“I want to emphasize there is not an agreement at this point,” Kerry said shortly after arriving in Geneva, tempering rising anticipation of a breakthrough that would reduce the risk of a Middle East war over Iran’s nuclear aspirations.
“We hope to try to narrow these differences but I don’t think anybody should mistake there are some important gaps that have to be closed,” he told reporters.
Iran spelled out a major difference soon afterwards, with a member of its negotiating team, Majid Takt-Ravanchi, telling Mehr news agency that oil and banking sanctions imposed on Tehran should be eased during the first phase of any deal.
The powers have offered Iran access to up to USD 50 billion in Iranian funds frozen abroad for many years but ruled out any broad dilution of sanctions in the early going of an agreement.
Midway through the second round of negotiations since Iran elected a moderate president who opened doors to a peaceful solution to the nuclear dispute, Kerry joined fellow big power foreign ministers in Geneva to help cement a preliminary accord, with Israel warning they were making an epic mistake.

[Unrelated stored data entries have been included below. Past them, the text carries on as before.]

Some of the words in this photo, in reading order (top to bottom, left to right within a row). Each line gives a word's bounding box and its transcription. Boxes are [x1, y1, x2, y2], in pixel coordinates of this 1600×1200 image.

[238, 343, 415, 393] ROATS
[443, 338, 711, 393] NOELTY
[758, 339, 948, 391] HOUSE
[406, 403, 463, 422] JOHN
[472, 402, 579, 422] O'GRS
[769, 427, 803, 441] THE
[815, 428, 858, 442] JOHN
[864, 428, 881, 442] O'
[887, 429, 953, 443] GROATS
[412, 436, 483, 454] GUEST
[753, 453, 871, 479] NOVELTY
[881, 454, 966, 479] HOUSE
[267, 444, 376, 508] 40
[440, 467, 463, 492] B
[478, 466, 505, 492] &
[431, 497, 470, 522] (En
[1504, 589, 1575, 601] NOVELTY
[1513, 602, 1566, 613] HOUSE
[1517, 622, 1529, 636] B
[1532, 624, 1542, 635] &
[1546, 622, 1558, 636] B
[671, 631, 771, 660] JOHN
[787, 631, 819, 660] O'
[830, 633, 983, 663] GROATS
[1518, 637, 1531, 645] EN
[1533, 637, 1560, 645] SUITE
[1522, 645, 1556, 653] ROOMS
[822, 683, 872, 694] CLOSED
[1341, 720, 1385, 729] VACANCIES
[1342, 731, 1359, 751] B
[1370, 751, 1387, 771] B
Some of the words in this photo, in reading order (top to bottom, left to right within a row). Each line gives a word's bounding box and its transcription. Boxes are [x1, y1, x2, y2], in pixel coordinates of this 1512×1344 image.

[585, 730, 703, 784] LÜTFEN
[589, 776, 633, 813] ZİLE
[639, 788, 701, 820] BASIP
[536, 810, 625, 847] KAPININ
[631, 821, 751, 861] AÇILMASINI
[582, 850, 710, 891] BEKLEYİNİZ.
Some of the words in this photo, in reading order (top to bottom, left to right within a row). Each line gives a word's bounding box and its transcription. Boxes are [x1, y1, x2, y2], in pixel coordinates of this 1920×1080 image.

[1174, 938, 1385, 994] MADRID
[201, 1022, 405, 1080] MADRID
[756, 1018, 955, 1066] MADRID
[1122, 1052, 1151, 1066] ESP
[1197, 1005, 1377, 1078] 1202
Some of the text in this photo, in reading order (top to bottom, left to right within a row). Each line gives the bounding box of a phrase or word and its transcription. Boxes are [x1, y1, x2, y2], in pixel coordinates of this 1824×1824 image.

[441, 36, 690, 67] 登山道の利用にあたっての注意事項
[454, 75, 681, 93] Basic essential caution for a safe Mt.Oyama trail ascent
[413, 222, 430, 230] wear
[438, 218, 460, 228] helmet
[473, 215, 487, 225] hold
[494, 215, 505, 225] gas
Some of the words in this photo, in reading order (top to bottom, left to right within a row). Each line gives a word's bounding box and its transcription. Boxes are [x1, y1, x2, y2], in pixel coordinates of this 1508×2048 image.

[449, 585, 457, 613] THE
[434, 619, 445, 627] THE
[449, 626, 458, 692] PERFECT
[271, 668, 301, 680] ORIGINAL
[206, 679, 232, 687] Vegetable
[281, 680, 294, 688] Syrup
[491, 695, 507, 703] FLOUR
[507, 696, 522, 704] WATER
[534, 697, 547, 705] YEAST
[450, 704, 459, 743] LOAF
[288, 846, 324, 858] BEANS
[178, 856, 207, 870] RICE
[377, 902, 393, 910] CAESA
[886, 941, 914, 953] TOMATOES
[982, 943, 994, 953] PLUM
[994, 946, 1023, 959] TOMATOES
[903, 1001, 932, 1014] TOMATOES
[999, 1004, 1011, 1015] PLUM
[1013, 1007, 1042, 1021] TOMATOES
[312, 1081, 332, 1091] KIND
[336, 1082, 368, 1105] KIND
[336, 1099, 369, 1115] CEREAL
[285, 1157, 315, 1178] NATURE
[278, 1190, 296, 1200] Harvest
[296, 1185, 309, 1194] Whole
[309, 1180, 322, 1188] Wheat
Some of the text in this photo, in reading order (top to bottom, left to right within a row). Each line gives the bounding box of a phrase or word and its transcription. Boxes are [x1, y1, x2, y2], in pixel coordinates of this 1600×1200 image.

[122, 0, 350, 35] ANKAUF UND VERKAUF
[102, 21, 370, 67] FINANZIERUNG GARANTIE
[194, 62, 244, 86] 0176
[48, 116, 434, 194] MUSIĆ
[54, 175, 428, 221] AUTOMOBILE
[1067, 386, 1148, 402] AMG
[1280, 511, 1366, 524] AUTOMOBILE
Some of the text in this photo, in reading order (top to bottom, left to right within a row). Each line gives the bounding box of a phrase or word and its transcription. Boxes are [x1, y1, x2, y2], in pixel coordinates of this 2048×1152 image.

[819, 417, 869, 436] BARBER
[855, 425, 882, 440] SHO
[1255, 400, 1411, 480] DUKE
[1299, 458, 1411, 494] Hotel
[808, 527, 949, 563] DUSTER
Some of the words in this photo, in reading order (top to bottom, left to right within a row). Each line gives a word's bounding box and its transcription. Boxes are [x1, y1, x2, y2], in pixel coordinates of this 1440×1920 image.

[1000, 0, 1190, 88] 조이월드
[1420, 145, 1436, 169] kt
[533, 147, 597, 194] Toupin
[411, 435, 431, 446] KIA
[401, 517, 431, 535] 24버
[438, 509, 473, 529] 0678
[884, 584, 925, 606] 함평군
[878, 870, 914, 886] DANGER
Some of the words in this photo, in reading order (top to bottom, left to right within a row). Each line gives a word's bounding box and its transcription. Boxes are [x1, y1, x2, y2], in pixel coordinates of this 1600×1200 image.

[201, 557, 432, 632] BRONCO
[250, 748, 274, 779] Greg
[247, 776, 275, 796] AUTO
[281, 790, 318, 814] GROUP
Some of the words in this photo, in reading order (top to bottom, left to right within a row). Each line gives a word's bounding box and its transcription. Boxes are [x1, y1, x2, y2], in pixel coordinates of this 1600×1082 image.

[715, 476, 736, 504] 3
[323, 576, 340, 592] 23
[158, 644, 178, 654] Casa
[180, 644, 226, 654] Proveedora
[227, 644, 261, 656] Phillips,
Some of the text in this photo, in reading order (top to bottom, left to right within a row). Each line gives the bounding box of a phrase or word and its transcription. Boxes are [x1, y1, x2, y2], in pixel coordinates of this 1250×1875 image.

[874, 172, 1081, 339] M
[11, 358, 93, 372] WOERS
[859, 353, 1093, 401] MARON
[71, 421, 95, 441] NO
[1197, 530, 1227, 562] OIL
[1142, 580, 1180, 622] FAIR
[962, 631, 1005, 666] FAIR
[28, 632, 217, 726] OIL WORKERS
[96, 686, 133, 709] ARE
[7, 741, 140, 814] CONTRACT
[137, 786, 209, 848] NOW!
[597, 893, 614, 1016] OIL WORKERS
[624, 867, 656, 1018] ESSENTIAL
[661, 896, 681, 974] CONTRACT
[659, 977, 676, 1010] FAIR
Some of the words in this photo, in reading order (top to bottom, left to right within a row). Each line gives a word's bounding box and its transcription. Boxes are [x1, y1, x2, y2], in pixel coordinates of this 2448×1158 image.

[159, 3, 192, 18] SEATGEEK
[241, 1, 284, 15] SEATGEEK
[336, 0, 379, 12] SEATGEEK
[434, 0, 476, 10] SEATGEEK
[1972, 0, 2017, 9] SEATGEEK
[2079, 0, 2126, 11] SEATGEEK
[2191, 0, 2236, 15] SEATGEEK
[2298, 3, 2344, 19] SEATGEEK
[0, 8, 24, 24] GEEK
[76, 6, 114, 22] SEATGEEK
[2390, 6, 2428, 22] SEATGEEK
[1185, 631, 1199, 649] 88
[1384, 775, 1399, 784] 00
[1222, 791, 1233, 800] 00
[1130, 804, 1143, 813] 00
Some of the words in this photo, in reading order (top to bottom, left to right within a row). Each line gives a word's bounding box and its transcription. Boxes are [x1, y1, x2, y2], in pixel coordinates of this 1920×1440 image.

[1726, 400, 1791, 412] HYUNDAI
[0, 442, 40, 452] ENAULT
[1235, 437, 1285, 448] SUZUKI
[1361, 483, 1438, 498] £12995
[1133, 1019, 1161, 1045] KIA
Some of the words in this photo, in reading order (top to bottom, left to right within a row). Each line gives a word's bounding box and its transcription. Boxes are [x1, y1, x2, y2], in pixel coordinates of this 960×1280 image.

Diplomats said a breakthrough remained uncertain and would in any case mark only the first step in a long, complex process towards a permanent resolution of international concerns that Iran may be seeking the means to build nuclear bombs.
But they said the arrival of Kerry, British Foreign Secretary William Hague and French and German foreign ministers Laurent Fabius and Guido Westerwelle signalled that the five permanent UN Security Council members and Germany may be closer to an elusive pact with Iran than ever before.
Kerry, who postponed trips to Algeria and Morocco to come to Switzerland, was due to hold a trilateral meeting with European Union foreign policy chief Catherine Ashton and Iranian Foreign Minister Mohammad Javad Zarif.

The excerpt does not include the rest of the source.